There followed two days in which neither said much. Hilda Maple did not reproach herself, but she was a little anxious. She thought herself capable of any situation: but this was new. On the third day John told her of his determination.
He was going to London. He would give her his address the moment he had one; he begged her to let him be. He was sure of himself.
There passed rapidly through his aunt’s mind the alternatives before her, and before him. She saw them clearly, as was her talent, and she made the decision, which was perhaps the only one she could have made.
He might go. She would not oppose his going. She was still determined to do her duty in so far as he would meet her—she had a strong sense of that—there was nothing petulant about the woman, nor any danger of sudden moods; she ha
d the virtues of the worldly, and their kind of strength.

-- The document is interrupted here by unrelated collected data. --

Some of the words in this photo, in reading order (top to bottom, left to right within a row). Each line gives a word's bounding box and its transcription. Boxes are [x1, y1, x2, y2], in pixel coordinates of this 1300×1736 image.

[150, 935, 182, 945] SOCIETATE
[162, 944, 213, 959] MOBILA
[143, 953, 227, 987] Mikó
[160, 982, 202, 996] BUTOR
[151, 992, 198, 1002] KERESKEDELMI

It was a simple issue—either to use the law—which would be odious, and would mean a permanent breach in little more than two years’ time (for she rightly guessed the obstinacy of that deep-voiced, clear-cut, sturdy figure) or simply to let him run the length of his tether. She prophesied no disaster; she had the judgment to think that upon the whole there would be none; though there was a hidden sneer in her mind as she thought of what occupations this pig-headedness might drive him to. She told him there would always be a home there when he needed it; at heart she felt relieved of a burden.

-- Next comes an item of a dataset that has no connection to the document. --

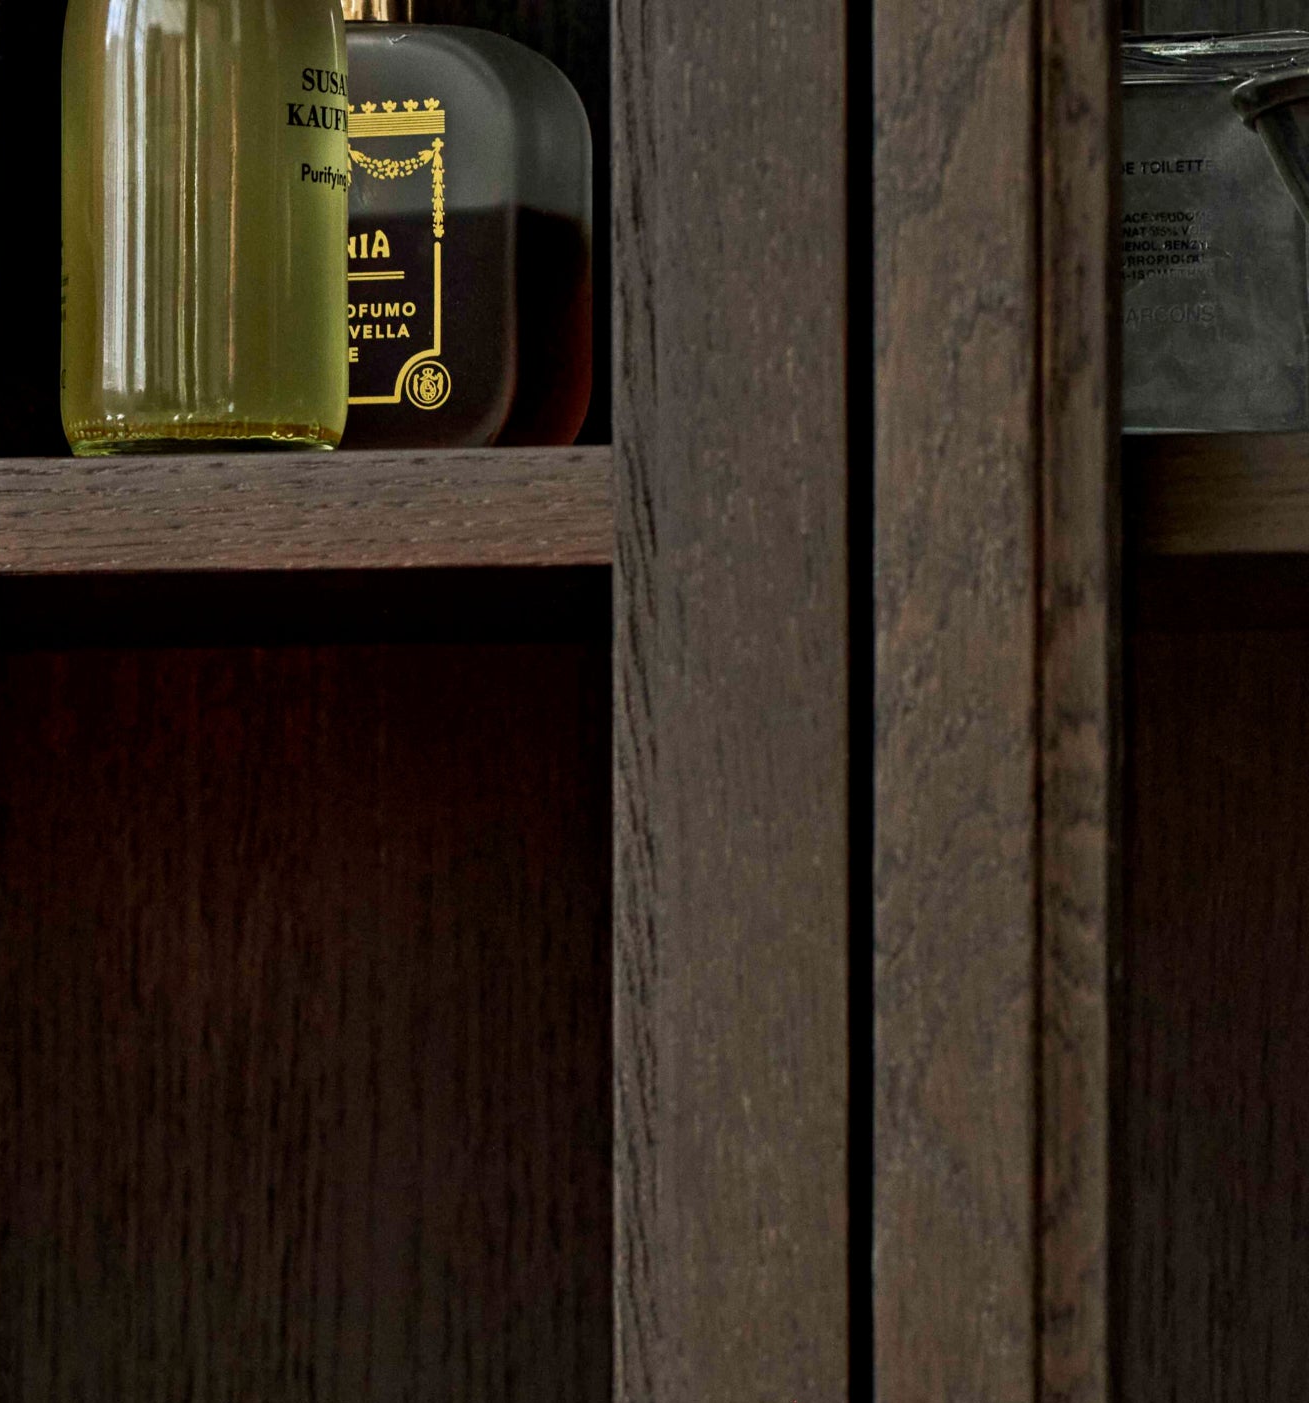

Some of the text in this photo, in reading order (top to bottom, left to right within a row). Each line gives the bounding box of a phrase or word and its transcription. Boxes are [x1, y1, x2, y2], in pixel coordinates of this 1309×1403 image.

[301, 163, 347, 192] Purifying
[347, 301, 417, 319] OFUMO
[348, 323, 411, 340] VELLA

John, on his side, felt a weight lifted too. And young as he was, he moderated.
“I certainly don’t want to quarrel, Aunt Hilda,” he said. “And I cannot help telling you that I am grateful to you. You see, when I have made up my mind—he talked like one ten years older, and anyone with a better sense of humour than Hilda Maple could hardly have helped smiling—“when I have made up my mind—I can’t even think of myself as changing.”
So it was settled. They agreed for a fortnight’s interval in which he should meet his father’s friends of the neighbourhood, and take some advice as to where he might get rooms in town—as to what he should look for then.
John Maple saw and heard and learnt much in that fortnight; and all he saw and learnt and heard further hardened him in his anger and his resolve.
For one thing, he discovered the odious word Catchings. It seems that Rackham had been re-baptised “Rackham Catchings.” Disgusting black-letter buffoonery!
He had first come across it in the village shop, where the young man with whom he had played as a boy was all obsequiousness to the heir of such wealth, and had said, bowing and smirking, over a parcel, “Shall I send it up to the Catchings?”
“To what?” John had said sharply.
“To the Catchings, sir—Rackham Catchings? Your house, sir; leastways, Mrs. Maple’s house.”